I am changed by each trip as God continues to remove the scales from my eyes, and I am thankful for his patience with me. If you too are afraid to travel to a foreign country, consider the morning news. There is no safe place. I can understand being uncomfortable travelling to a population that is 99.9% Muslim where everyone is a different race. I can assure you strangers in your hometown will be less receptive to hearing about Jesus than the people I’ve met in Africa. In America, the door might not be answered, or even slammed in your face. In Africa, I have been treated as an honored guest as the people listen to Bible stories.

My 2015 trip is uncertain at this point. My friends wonder if I’m crazy to consider returning with the Ebola virus threat. Ebola is not in Niger yet, but what if it does spread? What if thousands die having never heard His name waiting for someone, anyone, to tell them about a savior? What if I’d been born in Africa, waiting for someone to tell me about Jesus? Virtually everyone in Niger has never heard the name of Jesus.

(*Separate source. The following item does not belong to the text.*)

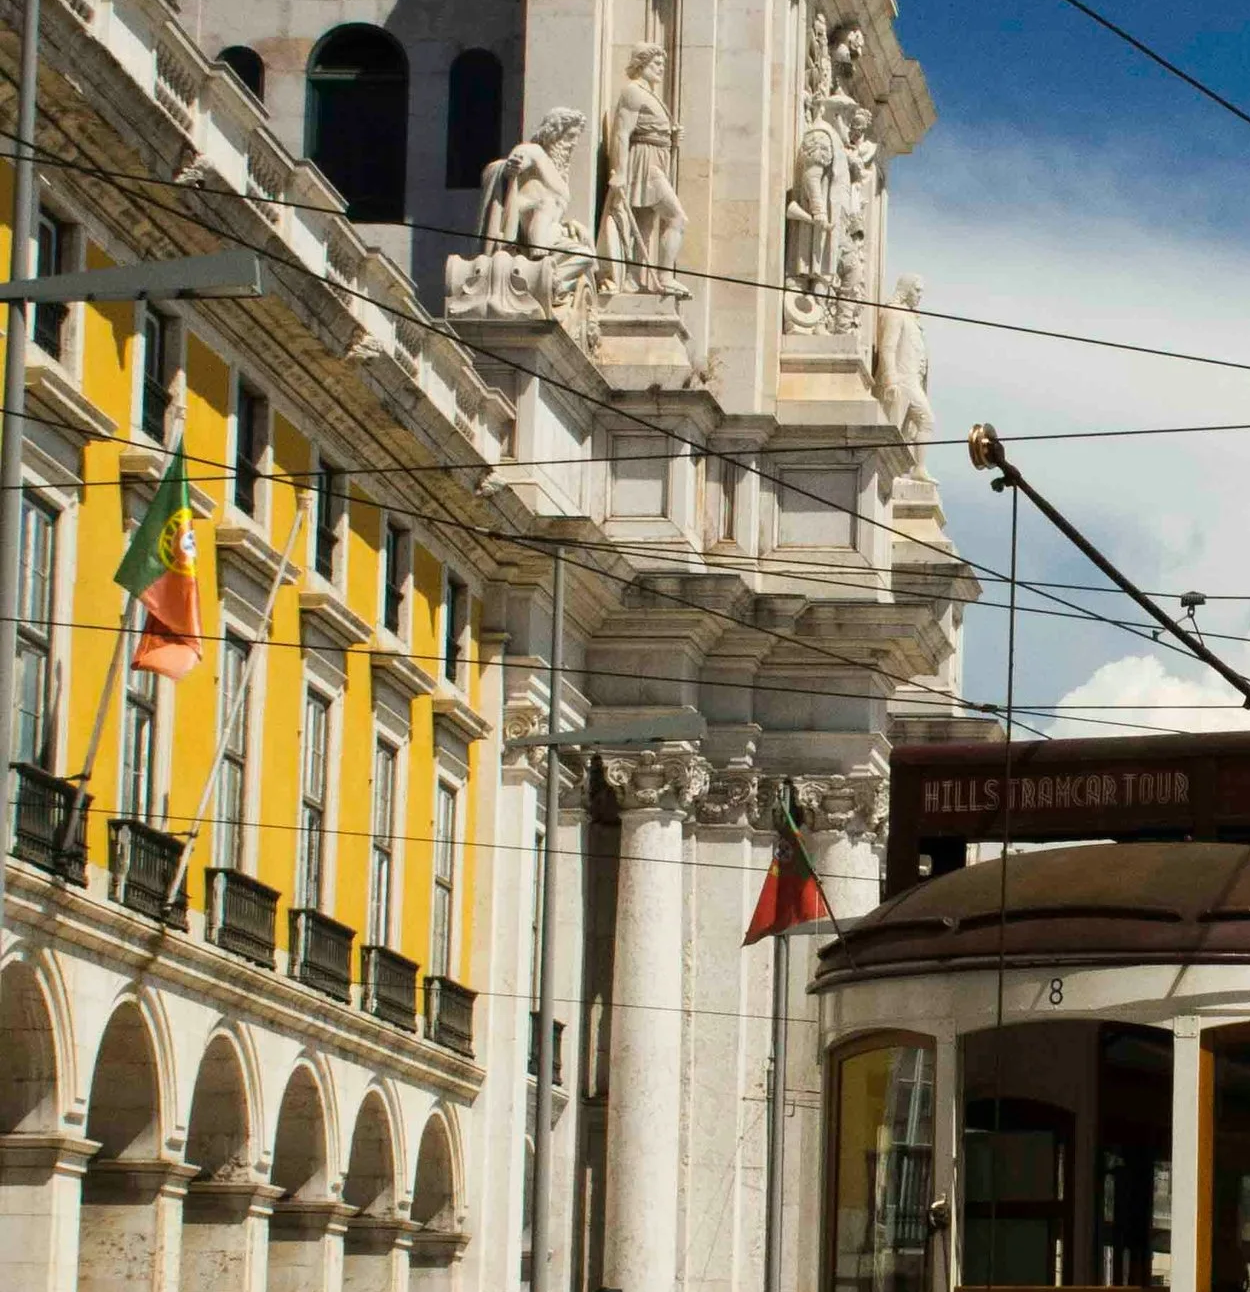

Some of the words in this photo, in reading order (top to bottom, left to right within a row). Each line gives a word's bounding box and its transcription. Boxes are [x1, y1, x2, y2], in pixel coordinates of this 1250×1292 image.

[925, 780, 999, 812] HILLS
[1007, 774, 1117, 809] TRAMCAR
[1122, 772, 1190, 805] TOUR
[1049, 978, 1063, 1005] 8

“How then will they call on him in whom they have not believed? And how are they to believe in him of who they have never heard? And how are they to hear without someone preaching? And how are they to preach unless they are sent? As it is written. How beautiful are the feet of those who preach the good news!” Romans 10:14-15
“The harvest is plentiful, but the laborers are few; therefore pray earnestly to the Lord of the harvest to send out laborers into the harvest.” Matthew 9:37-38.

To read about my trips to Africa, you can read other posts at www.sheliastovall.com

I fell so blessed to have Shelia share about her mission trips. Here are a few pictures.

The group visited an orphanage in Niamey run by Good Samaritan. They distributed backpacks with school supplies and soccer jerseys on their 2013 trip.



Shelia's group conducted VBS in one of the few churches in Niger. The cross on the little boy's neck was one of their craft projects.

One more picture today. Here they are worshiping at a house church in Niamey.